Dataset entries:
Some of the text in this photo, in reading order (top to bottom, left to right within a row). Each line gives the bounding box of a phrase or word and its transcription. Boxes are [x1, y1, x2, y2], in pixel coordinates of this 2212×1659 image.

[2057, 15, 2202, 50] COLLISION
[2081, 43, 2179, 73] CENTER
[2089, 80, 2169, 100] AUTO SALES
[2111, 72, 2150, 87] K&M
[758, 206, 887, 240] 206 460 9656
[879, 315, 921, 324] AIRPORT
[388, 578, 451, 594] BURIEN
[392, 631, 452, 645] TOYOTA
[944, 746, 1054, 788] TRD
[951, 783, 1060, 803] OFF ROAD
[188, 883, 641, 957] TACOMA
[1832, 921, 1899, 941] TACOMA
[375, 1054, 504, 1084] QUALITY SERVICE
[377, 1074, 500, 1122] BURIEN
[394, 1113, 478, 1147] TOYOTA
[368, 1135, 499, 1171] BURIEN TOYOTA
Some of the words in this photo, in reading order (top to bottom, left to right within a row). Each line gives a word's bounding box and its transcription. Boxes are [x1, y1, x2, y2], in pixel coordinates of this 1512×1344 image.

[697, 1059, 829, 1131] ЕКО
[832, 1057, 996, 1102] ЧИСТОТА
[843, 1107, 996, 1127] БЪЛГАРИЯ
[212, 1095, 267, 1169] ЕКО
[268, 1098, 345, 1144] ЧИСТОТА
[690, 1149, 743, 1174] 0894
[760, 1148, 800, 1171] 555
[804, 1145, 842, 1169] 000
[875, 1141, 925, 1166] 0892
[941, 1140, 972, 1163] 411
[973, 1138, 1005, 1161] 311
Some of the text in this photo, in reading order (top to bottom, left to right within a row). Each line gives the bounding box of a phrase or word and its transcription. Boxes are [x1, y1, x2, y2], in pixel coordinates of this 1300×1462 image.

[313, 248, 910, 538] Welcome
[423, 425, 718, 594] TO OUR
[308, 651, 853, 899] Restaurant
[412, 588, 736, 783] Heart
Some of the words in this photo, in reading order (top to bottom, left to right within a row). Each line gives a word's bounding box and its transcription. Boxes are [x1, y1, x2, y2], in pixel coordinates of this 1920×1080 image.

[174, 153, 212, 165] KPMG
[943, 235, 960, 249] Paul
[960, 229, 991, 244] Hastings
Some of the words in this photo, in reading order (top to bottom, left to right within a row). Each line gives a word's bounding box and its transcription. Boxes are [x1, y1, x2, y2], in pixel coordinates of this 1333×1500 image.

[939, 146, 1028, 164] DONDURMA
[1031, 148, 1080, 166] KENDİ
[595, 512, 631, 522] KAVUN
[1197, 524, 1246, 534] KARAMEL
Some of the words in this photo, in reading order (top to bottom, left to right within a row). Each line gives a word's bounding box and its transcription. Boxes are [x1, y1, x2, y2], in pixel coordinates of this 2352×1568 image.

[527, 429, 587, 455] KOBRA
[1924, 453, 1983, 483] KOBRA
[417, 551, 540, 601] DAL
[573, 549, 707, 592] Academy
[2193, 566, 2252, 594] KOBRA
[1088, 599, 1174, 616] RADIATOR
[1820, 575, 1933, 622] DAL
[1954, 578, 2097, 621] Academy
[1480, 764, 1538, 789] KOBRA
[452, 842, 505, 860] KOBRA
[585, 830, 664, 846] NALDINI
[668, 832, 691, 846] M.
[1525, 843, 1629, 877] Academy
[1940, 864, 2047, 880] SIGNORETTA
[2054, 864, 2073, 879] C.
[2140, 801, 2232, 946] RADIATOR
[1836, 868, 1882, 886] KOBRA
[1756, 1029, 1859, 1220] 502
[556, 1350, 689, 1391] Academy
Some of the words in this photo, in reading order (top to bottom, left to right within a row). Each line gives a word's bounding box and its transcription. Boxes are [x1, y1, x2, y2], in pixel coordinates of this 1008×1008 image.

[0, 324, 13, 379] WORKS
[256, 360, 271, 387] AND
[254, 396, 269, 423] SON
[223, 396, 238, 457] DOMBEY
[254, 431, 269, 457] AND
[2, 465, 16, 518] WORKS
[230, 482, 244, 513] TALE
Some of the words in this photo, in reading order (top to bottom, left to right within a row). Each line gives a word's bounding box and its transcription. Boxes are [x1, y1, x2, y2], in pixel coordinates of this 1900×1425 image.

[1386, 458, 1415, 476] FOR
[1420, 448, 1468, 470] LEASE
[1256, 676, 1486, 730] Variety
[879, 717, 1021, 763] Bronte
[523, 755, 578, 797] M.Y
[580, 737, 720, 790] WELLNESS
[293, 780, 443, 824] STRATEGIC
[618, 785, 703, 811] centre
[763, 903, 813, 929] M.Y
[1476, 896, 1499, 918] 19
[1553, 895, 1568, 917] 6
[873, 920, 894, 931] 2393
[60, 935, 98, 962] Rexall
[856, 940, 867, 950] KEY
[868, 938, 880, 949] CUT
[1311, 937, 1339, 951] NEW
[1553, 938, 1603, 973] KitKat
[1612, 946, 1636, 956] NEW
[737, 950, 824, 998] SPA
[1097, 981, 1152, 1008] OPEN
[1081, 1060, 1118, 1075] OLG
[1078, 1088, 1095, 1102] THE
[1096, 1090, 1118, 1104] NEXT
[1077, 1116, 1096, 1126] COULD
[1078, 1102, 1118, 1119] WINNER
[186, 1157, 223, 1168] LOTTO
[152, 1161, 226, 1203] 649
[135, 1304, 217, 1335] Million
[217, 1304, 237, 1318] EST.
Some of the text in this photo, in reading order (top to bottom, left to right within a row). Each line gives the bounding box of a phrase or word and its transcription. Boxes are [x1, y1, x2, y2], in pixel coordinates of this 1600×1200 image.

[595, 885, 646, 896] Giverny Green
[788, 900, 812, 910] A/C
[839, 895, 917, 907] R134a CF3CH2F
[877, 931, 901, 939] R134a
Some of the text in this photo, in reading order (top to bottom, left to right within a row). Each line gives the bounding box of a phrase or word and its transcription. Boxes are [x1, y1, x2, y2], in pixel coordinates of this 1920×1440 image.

WHAT YOU SHOULD DO: Give back each record above exactly as written.

EXERCISE SOLUTION:
Some of the text in this photo, in reading order (top to bottom, left to right within a row). Each line gives the bounding box of a phrase or word and its transcription. Boxes are [x1, y1, x2, y2], in pixel coordinates of this 2212×1659 image.

[2057, 15, 2202, 50] COLLISION
[2081, 43, 2179, 73] CENTER
[2089, 80, 2169, 100] AUTO SALES
[2111, 72, 2150, 87] K&M
[758, 206, 887, 240] 206 460 9656
[879, 315, 921, 324] AIRPORT
[388, 578, 451, 594] BURIEN
[392, 631, 452, 645] TOYOTA
[944, 746, 1054, 788] TRD
[951, 783, 1060, 803] OFF ROAD
[188, 883, 641, 957] TACOMA
[1832, 921, 1899, 941] TACOMA
[375, 1054, 504, 1084] QUALITY SERVICE
[377, 1074, 500, 1122] BURIEN
[394, 1113, 478, 1147] TOYOTA
[368, 1135, 499, 1171] BURIEN TOYOTA
Some of the words in this photo, in reading order (top to bottom, left to right within a row). Each line gives a word's bounding box and its transcription. Boxes are [x1, y1, x2, y2], in pixel coordinates of this 1512×1344 image.

[697, 1059, 829, 1131] ЕКО
[832, 1057, 996, 1102] ЧИСТОТА
[843, 1107, 996, 1127] БЪЛГАРИЯ
[212, 1095, 267, 1169] ЕКО
[268, 1098, 345, 1144] ЧИСТОТА
[690, 1149, 743, 1174] 0894
[760, 1148, 800, 1171] 555
[804, 1145, 842, 1169] 000
[875, 1141, 925, 1166] 0892
[941, 1140, 972, 1163] 411
[973, 1138, 1005, 1161] 311
Some of the text in this photo, in reading order (top to bottom, left to right within a row). Each line gives the bounding box of a phrase or word and its transcription. Boxes are [x1, y1, x2, y2], in pixel coordinates of this 1300×1462 image.

[313, 248, 910, 538] Welcome
[423, 425, 718, 594] TO OUR
[308, 651, 853, 899] Restaurant
[412, 588, 736, 783] Heart
Some of the words in this photo, in reading order (top to bottom, left to right within a row). Each line gives a word's bounding box and its transcription. Boxes are [x1, y1, x2, y2], in pixel coordinates of this 1920×1080 image.

[174, 153, 212, 165] KPMG
[943, 235, 960, 249] Paul
[960, 229, 991, 244] Hastings
Some of the words in this photo, in reading order (top to bottom, left to right within a row). Each line gives a word's bounding box and its transcription. Boxes are [x1, y1, x2, y2], in pixel coordinates of this 1333×1500 image.

[939, 146, 1028, 164] DONDURMA
[1031, 148, 1080, 166] KENDİ
[595, 512, 631, 522] KAVUN
[1197, 524, 1246, 534] KARAMEL
Some of the words in this photo, in reading order (top to bottom, left to right within a row). Each line gives a word's bounding box and its transcription. Boxes are [x1, y1, x2, y2], in pixel coordinates of this 2352×1568 image.

[527, 429, 587, 455] KOBRA
[1924, 453, 1983, 483] KOBRA
[417, 551, 540, 601] DAL
[573, 549, 707, 592] Academy
[2193, 566, 2252, 594] KOBRA
[1088, 599, 1174, 616] RADIATOR
[1820, 575, 1933, 622] DAL
[1954, 578, 2097, 621] Academy
[1480, 764, 1538, 789] KOBRA
[452, 842, 505, 860] KOBRA
[585, 830, 664, 846] NALDINI
[668, 832, 691, 846] M.
[1525, 843, 1629, 877] Academy
[1940, 864, 2047, 880] SIGNORETTA
[2054, 864, 2073, 879] C.
[2140, 801, 2232, 946] RADIATOR
[1836, 868, 1882, 886] KOBRA
[1756, 1029, 1859, 1220] 502
[556, 1350, 689, 1391] Academy
Some of the words in this photo, in reading order (top to bottom, left to right within a row). Each line gives a word's bounding box and its transcription. Boxes are [x1, y1, x2, y2], in pixel coordinates of this 1008×1008 image.

[0, 324, 13, 379] WORKS
[256, 360, 271, 387] AND
[254, 396, 269, 423] SON
[223, 396, 238, 457] DOMBEY
[254, 431, 269, 457] AND
[2, 465, 16, 518] WORKS
[230, 482, 244, 513] TALE
Some of the words in this photo, in reading order (top to bottom, left to right within a row). Each line gives a word's bounding box and its transcription. Boxes are [x1, y1, x2, y2], in pixel coordinates of this 1900×1425 image.

[1386, 458, 1415, 476] FOR
[1420, 448, 1468, 470] LEASE
[1256, 676, 1486, 730] Variety
[879, 717, 1021, 763] Bronte
[523, 755, 578, 797] M.Y
[580, 737, 720, 790] WELLNESS
[293, 780, 443, 824] STRATEGIC
[618, 785, 703, 811] centre
[763, 903, 813, 929] M.Y
[1476, 896, 1499, 918] 19
[1553, 895, 1568, 917] 6
[873, 920, 894, 931] 2393
[60, 935, 98, 962] Rexall
[856, 940, 867, 950] KEY
[868, 938, 880, 949] CUT
[1311, 937, 1339, 951] NEW
[1553, 938, 1603, 973] KitKat
[1612, 946, 1636, 956] NEW
[737, 950, 824, 998] SPA
[1097, 981, 1152, 1008] OPEN
[1081, 1060, 1118, 1075] OLG
[1078, 1088, 1095, 1102] THE
[1096, 1090, 1118, 1104] NEXT
[1077, 1116, 1096, 1126] COULD
[1078, 1102, 1118, 1119] WINNER
[186, 1157, 223, 1168] LOTTO
[152, 1161, 226, 1203] 649
[135, 1304, 217, 1335] Million
[217, 1304, 237, 1318] EST.
Some of the text in this photo, in reading order (top to bottom, left to right within a row). Each line gives the bounding box of a phrase or word and its transcription. Boxes are [x1, y1, x2, y2], in pixel coordinates of this 1600×1200 image.

[595, 885, 646, 896] Giverny Green
[788, 900, 812, 910] A/C
[839, 895, 917, 907] R134a CF3CH2F
[877, 931, 901, 939] R134a
Some of the text in this photo, in reading order (top to bottom, left to right within a row). Each line gives the bounding box of a phrase or word and its transcription. Boxes are [x1, y1, x2, y2], in pixel coordinates of this 1920×1440 image.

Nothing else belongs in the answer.